[Stored data entries]

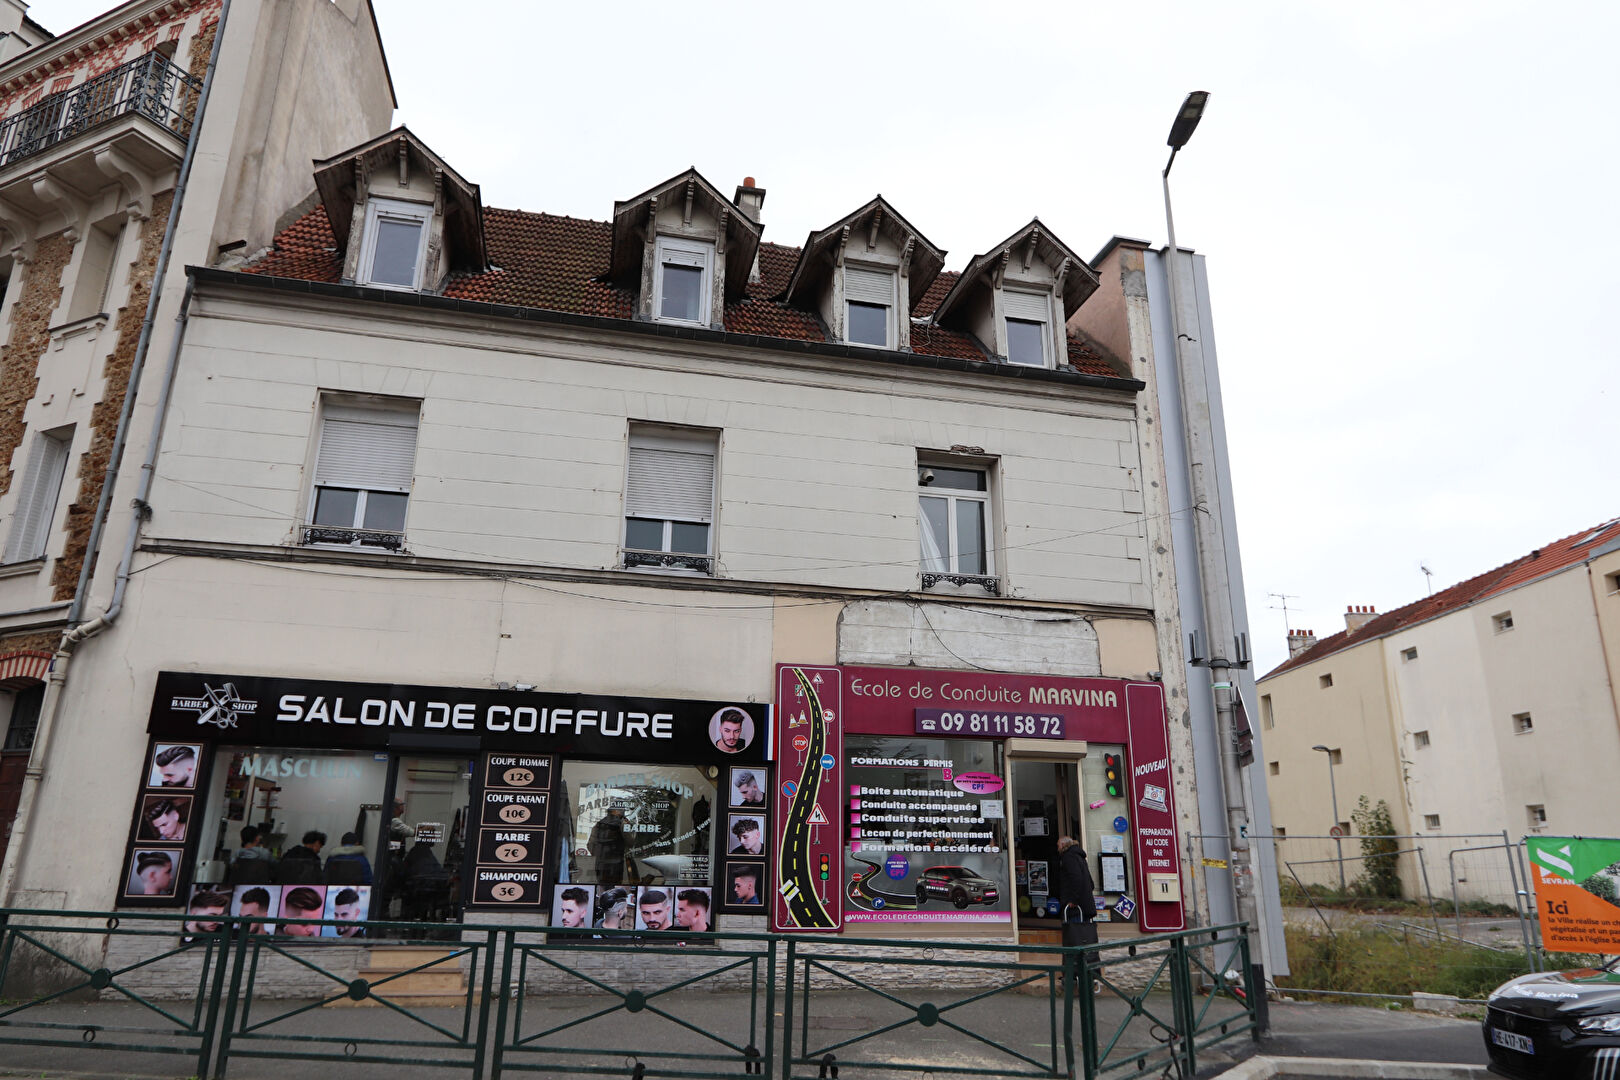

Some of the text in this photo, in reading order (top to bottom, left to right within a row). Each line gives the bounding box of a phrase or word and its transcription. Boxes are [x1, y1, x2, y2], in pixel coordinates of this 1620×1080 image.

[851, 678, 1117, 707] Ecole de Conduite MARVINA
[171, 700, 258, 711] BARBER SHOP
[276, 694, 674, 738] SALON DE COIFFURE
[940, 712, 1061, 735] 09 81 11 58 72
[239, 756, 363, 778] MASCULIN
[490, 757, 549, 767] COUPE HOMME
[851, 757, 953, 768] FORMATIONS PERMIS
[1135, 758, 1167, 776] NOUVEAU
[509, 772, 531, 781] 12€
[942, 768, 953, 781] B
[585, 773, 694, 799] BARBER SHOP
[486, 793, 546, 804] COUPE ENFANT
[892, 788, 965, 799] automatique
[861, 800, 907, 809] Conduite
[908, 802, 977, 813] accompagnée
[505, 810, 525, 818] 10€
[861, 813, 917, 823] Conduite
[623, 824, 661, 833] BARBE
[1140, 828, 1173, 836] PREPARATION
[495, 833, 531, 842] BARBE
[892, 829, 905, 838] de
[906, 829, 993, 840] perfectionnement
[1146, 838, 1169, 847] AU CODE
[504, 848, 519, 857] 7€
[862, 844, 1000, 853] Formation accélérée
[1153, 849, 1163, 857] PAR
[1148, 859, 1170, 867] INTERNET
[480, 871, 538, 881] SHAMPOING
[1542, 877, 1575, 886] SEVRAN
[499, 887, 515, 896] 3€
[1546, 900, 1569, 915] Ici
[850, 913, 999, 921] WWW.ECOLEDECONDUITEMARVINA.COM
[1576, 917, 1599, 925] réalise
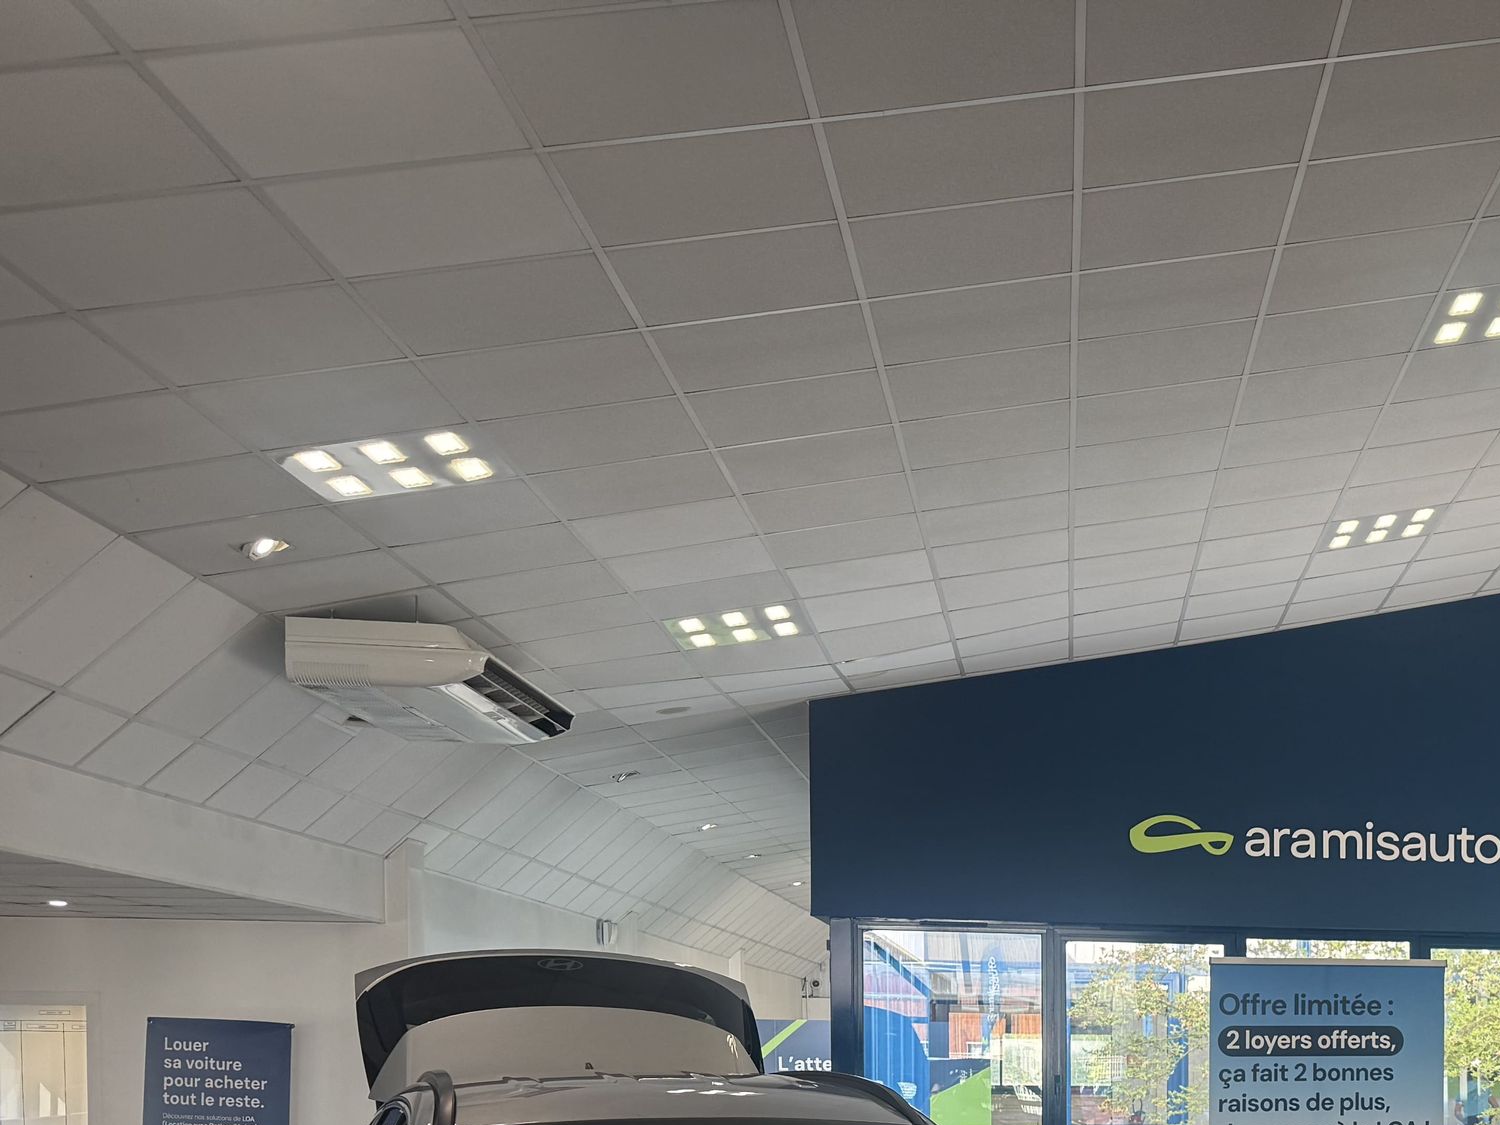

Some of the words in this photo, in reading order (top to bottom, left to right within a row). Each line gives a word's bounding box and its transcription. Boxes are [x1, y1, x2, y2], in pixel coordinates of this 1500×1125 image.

§ GOAL OF THE EXERCISE
What you should produce is an exact copy of the records, with the pictures left out.

§ EXERCISE RESULT
Some of the text in this photo, in reading order (top to bottom, left to right within a row). Each line gives the bounding box of a phrase or word and its transcription. Boxes are [x1, y1, x2, y2], in pixel coordinates of this 1620×1080 image.

[851, 678, 1117, 707] Ecole de Conduite MARVINA
[171, 700, 258, 711] BARBER SHOP
[276, 694, 674, 738] SALON DE COIFFURE
[940, 712, 1061, 735] 09 81 11 58 72
[239, 756, 363, 778] MASCULIN
[490, 757, 549, 767] COUPE HOMME
[851, 757, 953, 768] FORMATIONS PERMIS
[1135, 758, 1167, 776] NOUVEAU
[509, 772, 531, 781] 12€
[942, 768, 953, 781] B
[585, 773, 694, 799] BARBER SHOP
[486, 793, 546, 804] COUPE ENFANT
[892, 788, 965, 799] automatique
[861, 800, 907, 809] Conduite
[908, 802, 977, 813] accompagnée
[505, 810, 525, 818] 10€
[861, 813, 917, 823] Conduite
[623, 824, 661, 833] BARBE
[1140, 828, 1173, 836] PREPARATION
[495, 833, 531, 842] BARBE
[892, 829, 905, 838] de
[906, 829, 993, 840] perfectionnement
[1146, 838, 1169, 847] AU CODE
[504, 848, 519, 857] 7€
[862, 844, 1000, 853] Formation accélérée
[1153, 849, 1163, 857] PAR
[1148, 859, 1170, 867] INTERNET
[480, 871, 538, 881] SHAMPOING
[1542, 877, 1575, 886] SEVRAN
[499, 887, 515, 896] 3€
[1546, 900, 1569, 915] Ici
[850, 913, 999, 921] WWW.ECOLEDECONDUITEMARVINA.COM
[1576, 917, 1599, 925] réalise

Some of the words in this photo, in reading order (top to bottom, left to right within a row). Each line gives a word's bounding box and its transcription. Boxes are [x1, y1, x2, y2], in pixel coordinates of this 1500×1125 image.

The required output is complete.